Every job has its hazards, and airline flying is no different. You wouldn’t think that something as benign as flying could at times be so risky—and I’m not even referencing the possibility of an accident. In twenty-three years of airline flying, I’ve seen both predictable and unpredictable on-the-job injuries, all of which call for some increased vigilance. Here are some examples.

A fellow first officer was getting out of the cockpit seat of a Brasilia, which has a very narrow space between the center console and the seat. There was an art to placing your inside foot in such a way that you could stand, pivot, and turn to get out. This guy’s foot got stuck in the worst place at the worst time, and as his weight shifted forward, his foot stayed still. He shredded several ligaments in his knee, which required extensive surgery and a lengthy rehab and absence from work. It was more in line with what you’d see in a bad football injury, but it forever changed the cavalier way in which any of us who were there that day get in and out of a seat. The pain on his face as he sat waiting for an ambulance is hard to forget.

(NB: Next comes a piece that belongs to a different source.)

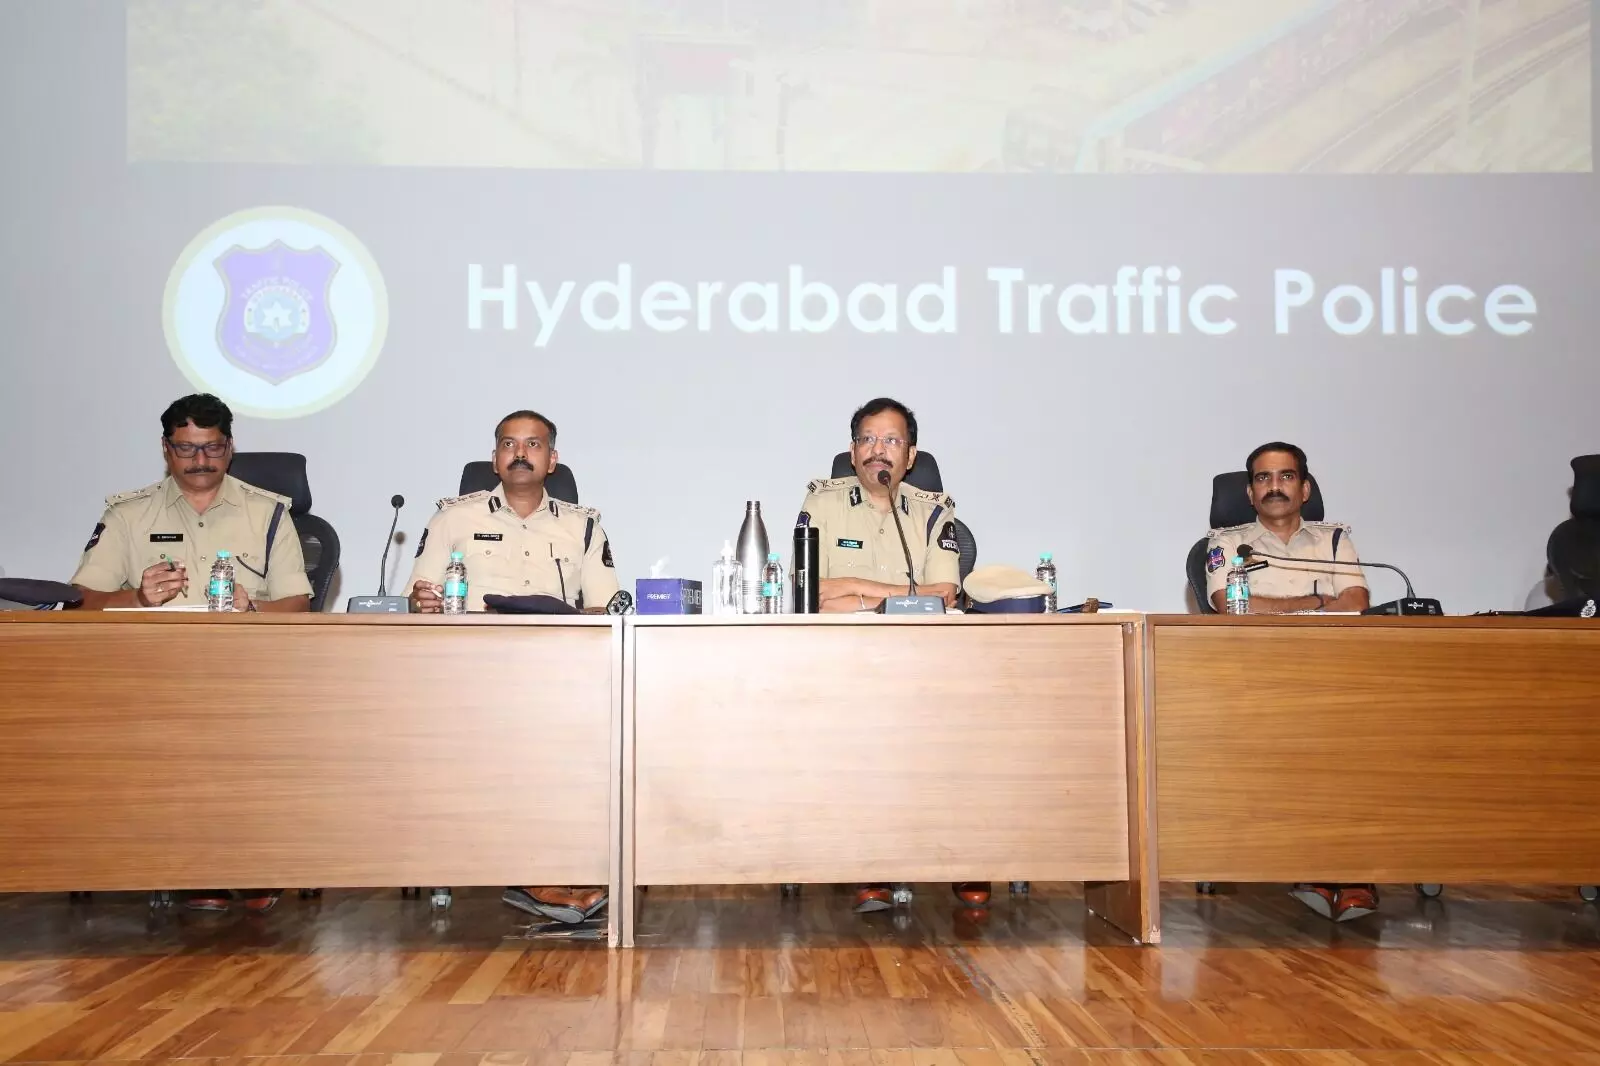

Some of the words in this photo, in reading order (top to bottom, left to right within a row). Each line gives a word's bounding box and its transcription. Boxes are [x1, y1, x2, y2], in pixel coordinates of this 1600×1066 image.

[467, 262, 957, 347] Hyderabad
[987, 265, 1239, 335] Traffic
[1274, 266, 1538, 336] Police

In the pre-iPad days, with flight bags that routinely weighed more than 40 pounds fully loaded, shoulder injuries were very common. Bag stowage in the flight deck was often a secondary consideration of the manufacturer, if it was a consideration at all. Too often, in the interest of expediency, pilots would just reach around their seats and heft the bag out of its location, and anyone could see the potential for an injury. Repeat this act several times a day, and the risks just magnified. At my regional, it was even worse, because the bag had to be picked straight up at least 6 inches just to clear the hole it sat in. Imagine twisting your body 90 degrees, using the outside arm, and trying to get the leverage to lift 40 pounds straight up before pulling it toward you and twisting some more. While shoulders were the most common problem, lower backs and elbows were also affected. It became so expensive in terms of health costs that the parent airline began to work toward a transition away from such heavy bags, and those costs are a common argument made by most airlines as a driving force toward electronic flight bags.

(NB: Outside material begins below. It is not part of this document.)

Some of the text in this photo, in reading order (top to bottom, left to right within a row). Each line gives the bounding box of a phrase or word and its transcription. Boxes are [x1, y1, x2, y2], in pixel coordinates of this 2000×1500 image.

Speaking of bags, several pilots suffered injuries while trying to do more than just their jobs. In an effort to help mitigate the impact of delays on both the company and the passengers, pilots have taken it on themselves to help load or unload luggage, especially valet-tagged bags that passengers are eagerly awaiting before they move on to their connections. Unfortunately, no good deed goes unpunished, and several pilots have been hurt. To add insult to the literal injury, the company refused to honor workers compensation or to cover the medical expenses because the pilots were outside the bounds of their jobs. While most of these refusals of help result in such a loud cry of outrage the company is forced to reverse its decision, it doesn’t always work out that way, especially after the warnings are given. If it isn’t in your job description, think twice before you do it.

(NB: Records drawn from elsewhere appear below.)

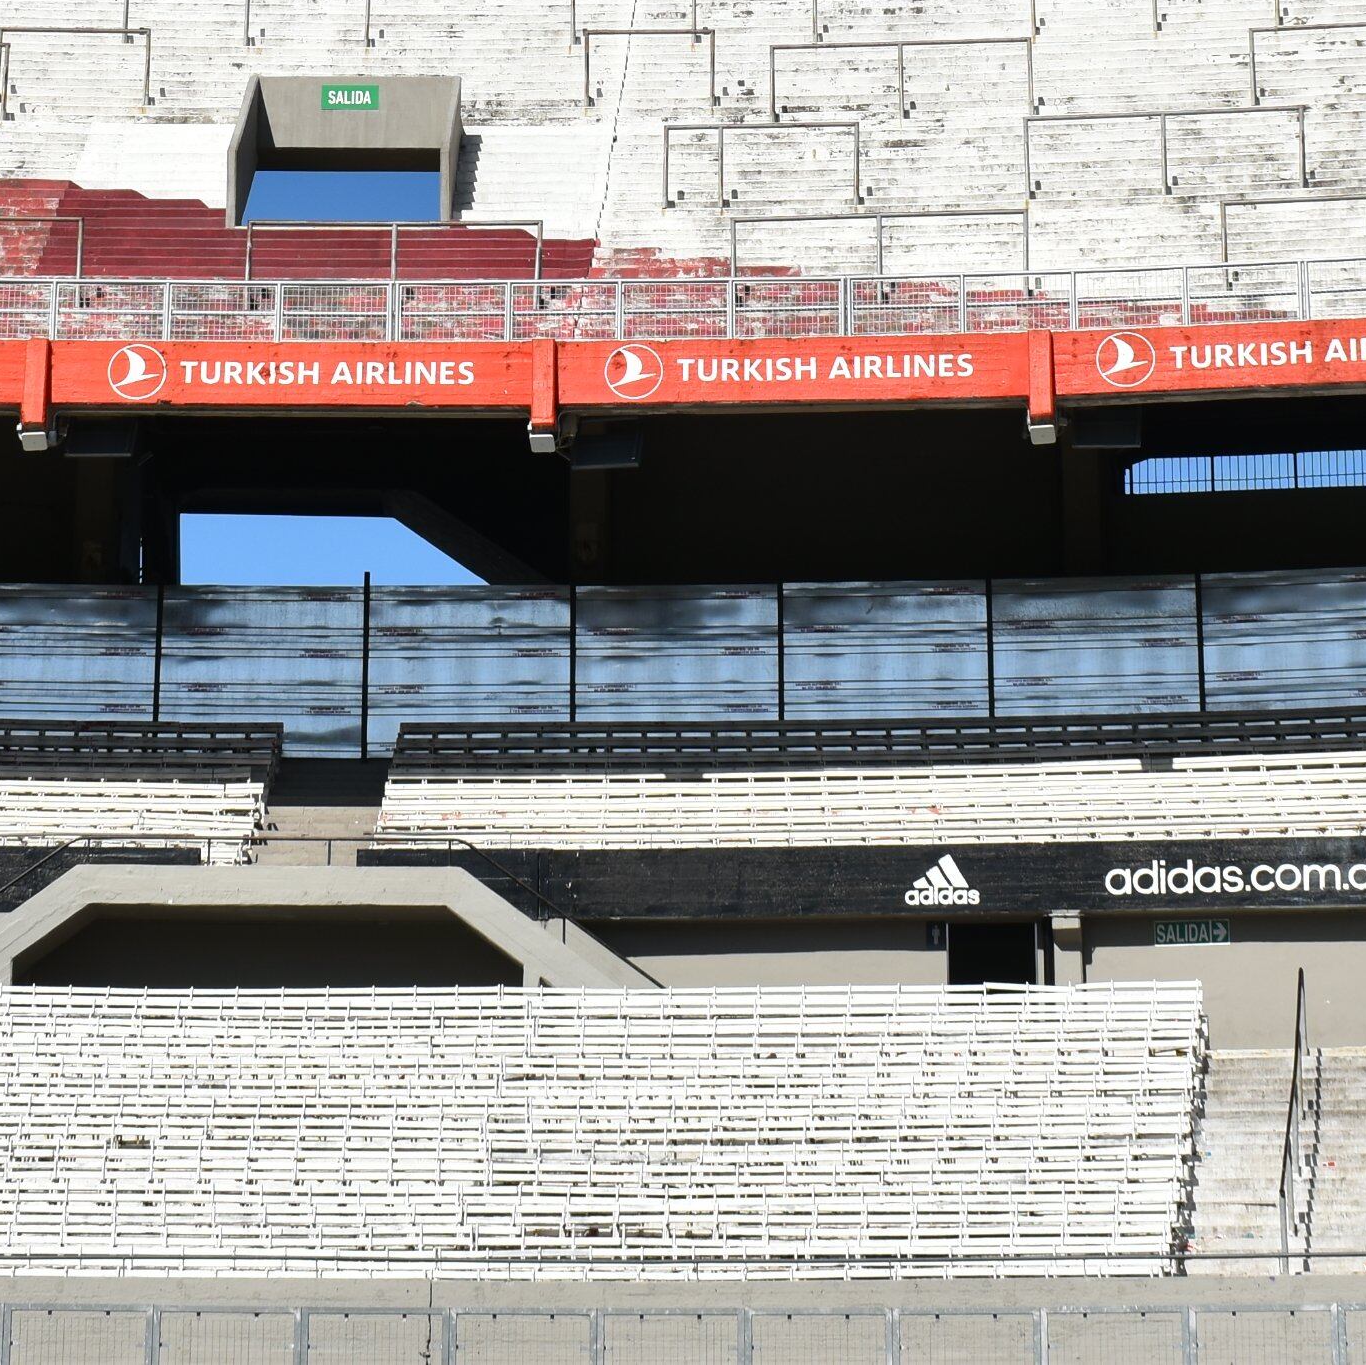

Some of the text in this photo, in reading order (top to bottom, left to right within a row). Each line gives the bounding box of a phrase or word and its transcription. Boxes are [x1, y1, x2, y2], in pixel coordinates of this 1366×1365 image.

[327, 90, 372, 105] SALIDA
[1168, 340, 1313, 370] TURKISH
[179, 360, 475, 385] TURKISH AIRLINES
[676, 353, 974, 382] TURKISH AIRLINES
[904, 885, 981, 906] adidas
[1156, 923, 1209, 943] SALIDA

When regional jets were first introduced, very few used jetways, so boarding and deplaning required the use of air stairs on the door. When it rains, air stairs get wet and slippery. Imagine the potential with the aforementioned 40-pound flight bags while trying to navigate the air stairs during a driving rainstorm. I’m here to tell you that it’s a hoot and a half—until somebody gets hurt. More than one pilot and flight attendant has fallen (either forwards or backwards) from the air stairs, sometimes resulting in broken ankles, mangled knees, or even head injuries, to say nothing of torn uniforms. You didn’t even need to be carrying a bag, as the steps are steeper than standard, and slipping was all too easy.

One injury that didn’t take place on the job, per se, occurred in a hotel during a layover, when a pilot was asleep in a hotel and suffered a bite on his ankle from a brown recluse spider. It was right before his alarm was scheduled to go off, so he got dressed and decided to work the flight home. By the time he landed, nearly three hours after the bite, his foot and ankle were so swollen he had to take his shoe off and needed emergency transportation to the hospital. His delay almost cost him his foot, but he eventually made a full recovery and returned to work.

The most avoidable injuries seem to occur in vans and cars taking crews to and from hotels. While accidents are relatively rare, they do happen, and most of the injuries come from not wearing seat belts. A crew getting a ride to the airport on a foggy morning was involved in a single-vehicle accident when the van driver lost track of his location and took the van over the curb. The van driver suffered no injuries, but all of the crew did, as none of them were wearing seat belts.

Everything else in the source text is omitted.